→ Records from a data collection

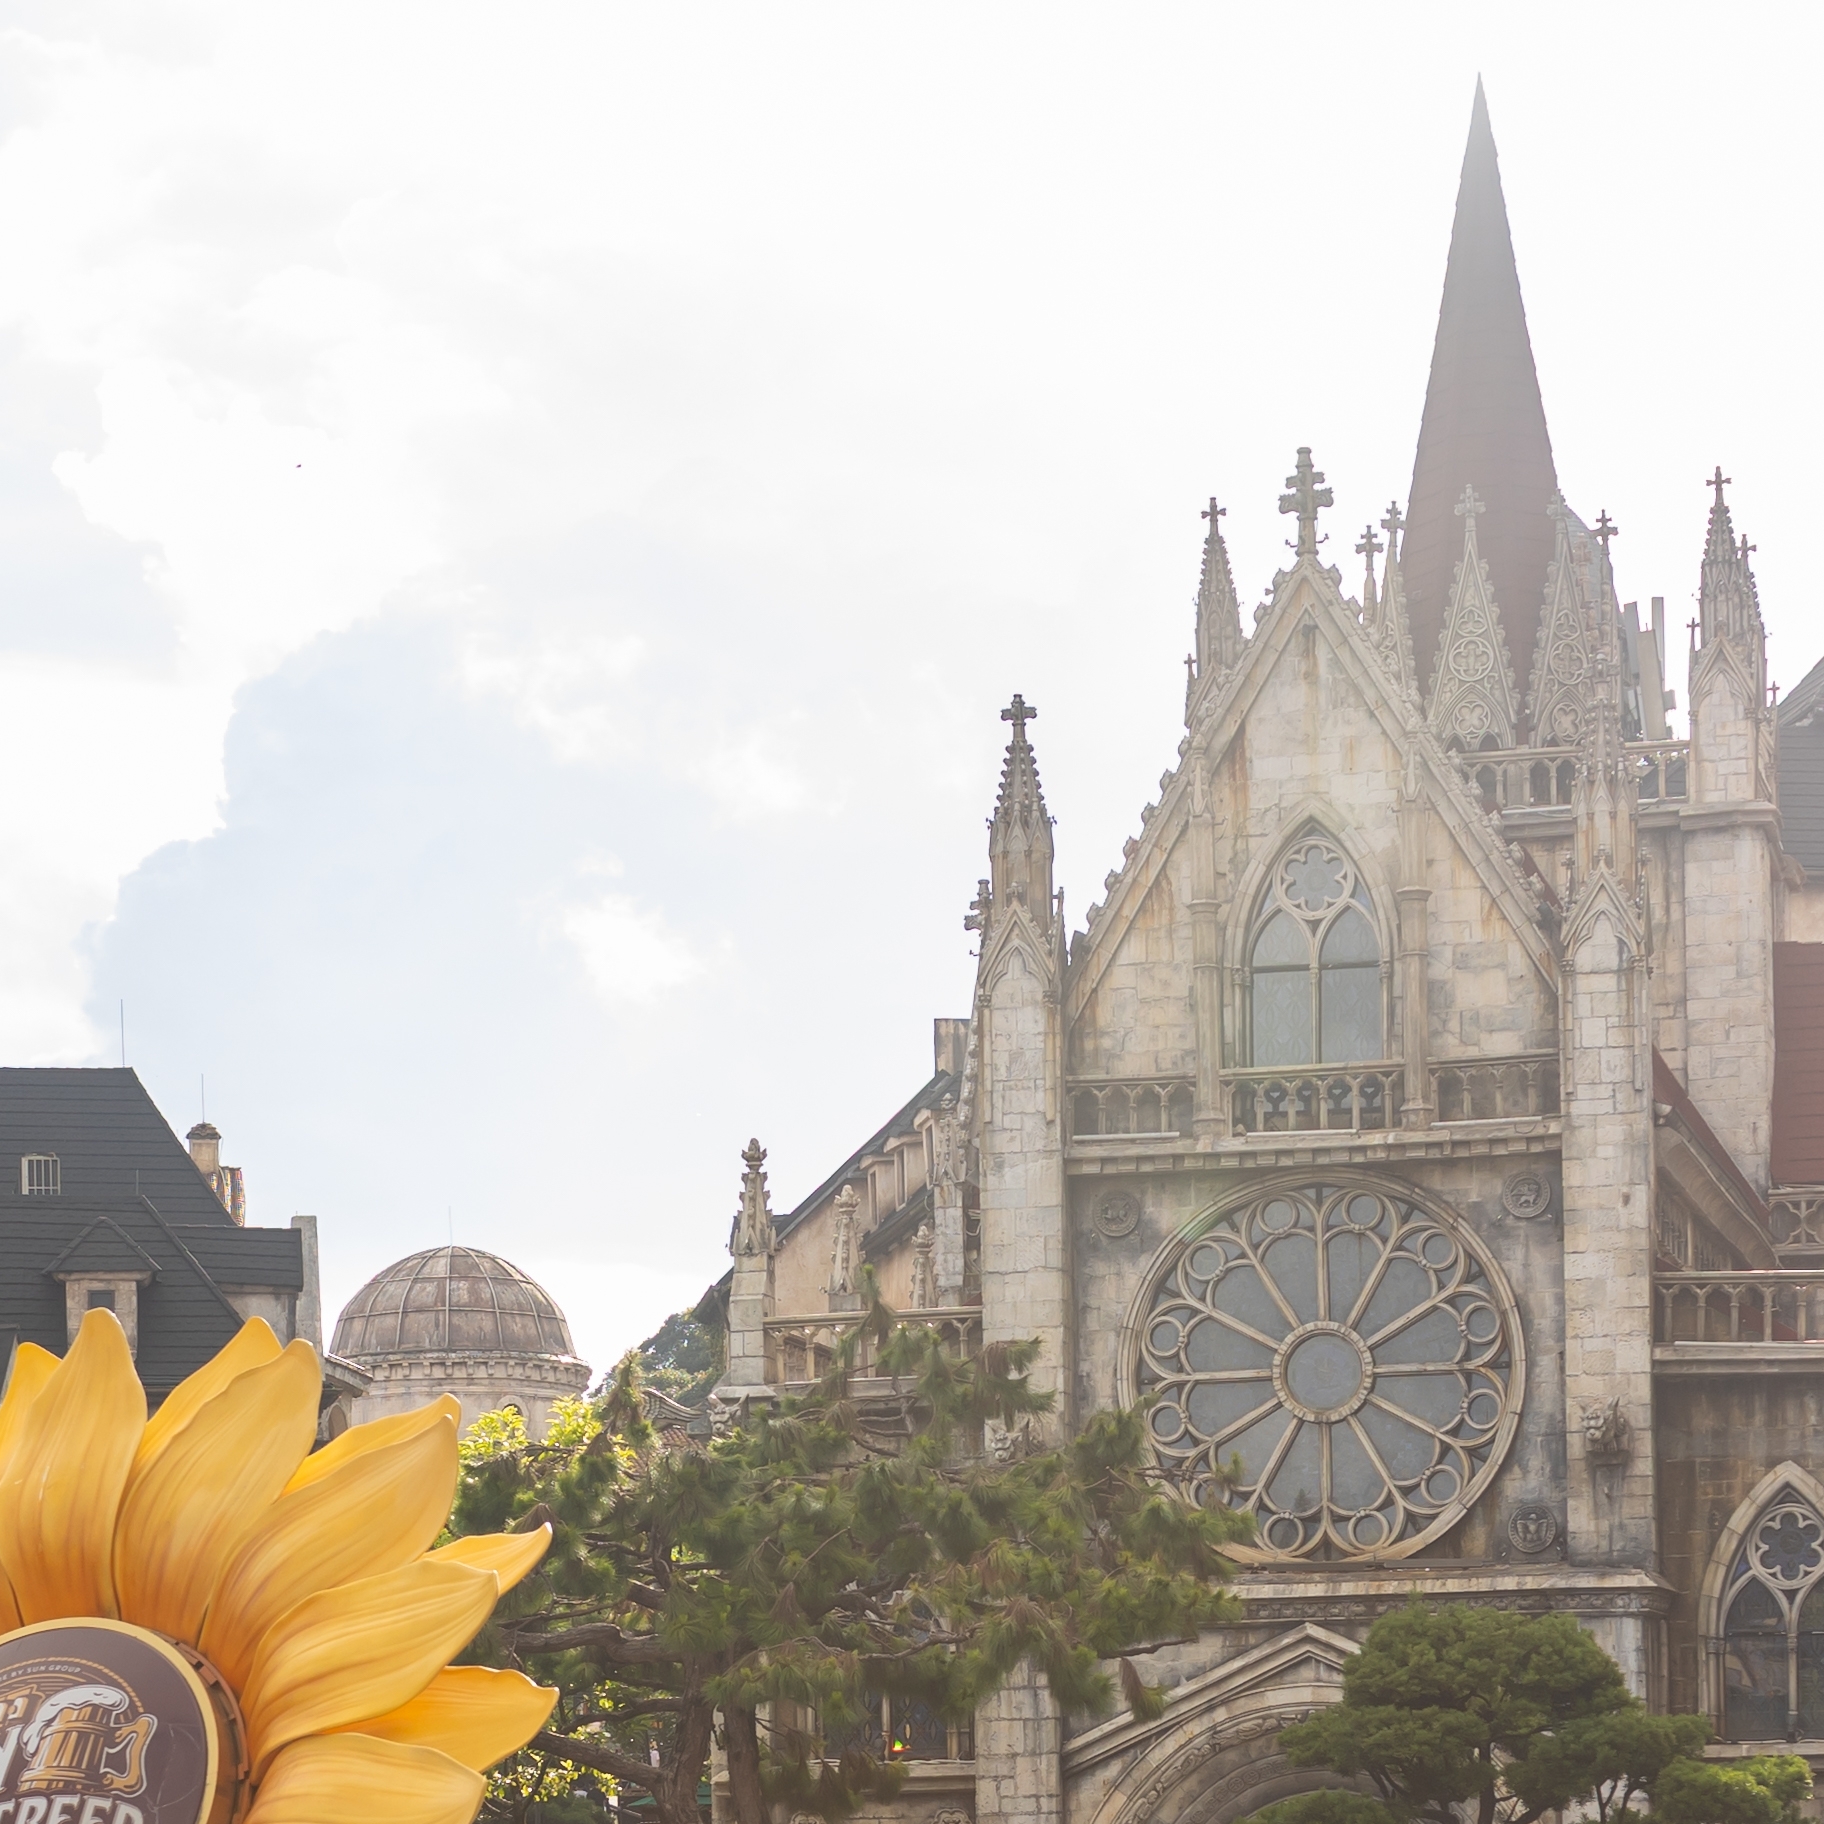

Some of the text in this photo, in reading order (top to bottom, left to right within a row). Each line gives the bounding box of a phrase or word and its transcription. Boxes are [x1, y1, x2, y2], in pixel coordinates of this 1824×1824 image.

[10, 1668, 25, 1678] BY
[26, 1665, 47, 1674] SUN
[48, 1664, 82, 1673] GROUP
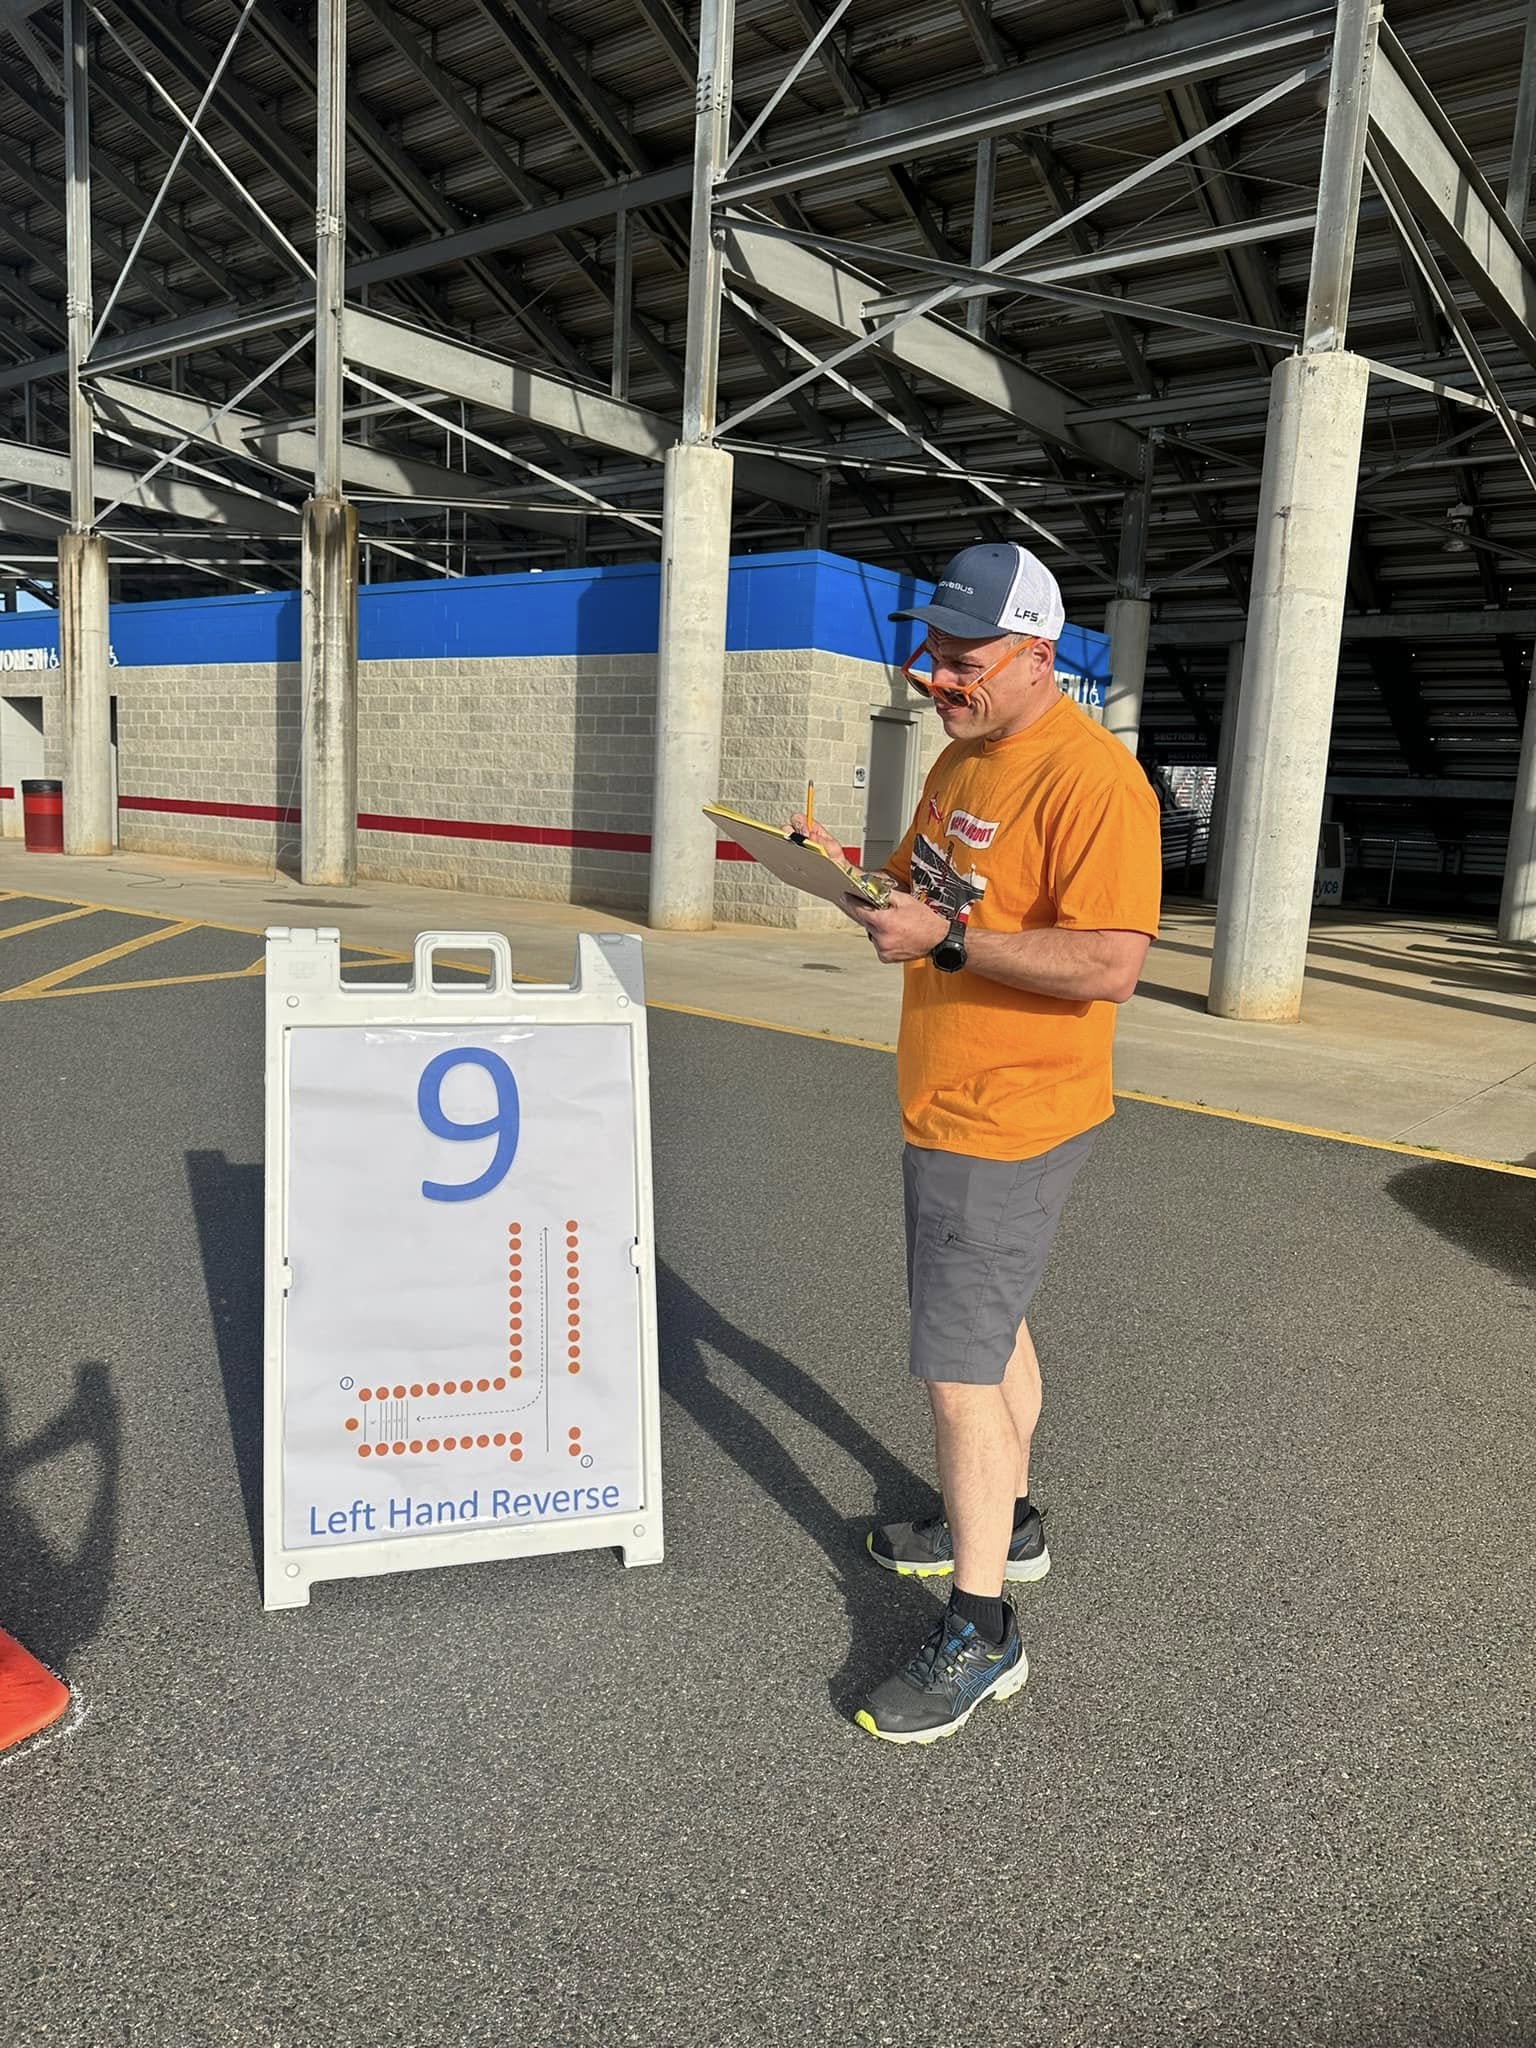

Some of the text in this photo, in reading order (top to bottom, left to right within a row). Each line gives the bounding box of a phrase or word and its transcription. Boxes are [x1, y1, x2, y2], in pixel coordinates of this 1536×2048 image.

[0, 648, 43, 671] OMEN
[417, 1047, 520, 1202] 9
[310, 1484, 620, 1535] Left Hand Reverse

→ Exercise aim
The expected response is every entry above, repeated exactly, pictures removed.

→ Answer box
Some of the text in this photo, in reading order (top to bottom, left to right within a row). Each line gives the bounding box of a phrase or word and its transcription. Boxes are [x1, y1, x2, y2], in pixel coordinates of this 1824×1824 image.

[10, 1668, 25, 1678] BY
[26, 1665, 47, 1674] SUN
[48, 1664, 82, 1673] GROUP

Some of the text in this photo, in reading order (top to bottom, left to right within a row). Each line gives the bounding box of a phrase or word and its transcription. Boxes are [x1, y1, x2, y2], in pixel coordinates of this 1536×2048 image.

[0, 648, 43, 671] OMEN
[417, 1047, 520, 1202] 9
[310, 1484, 620, 1535] Left Hand Reverse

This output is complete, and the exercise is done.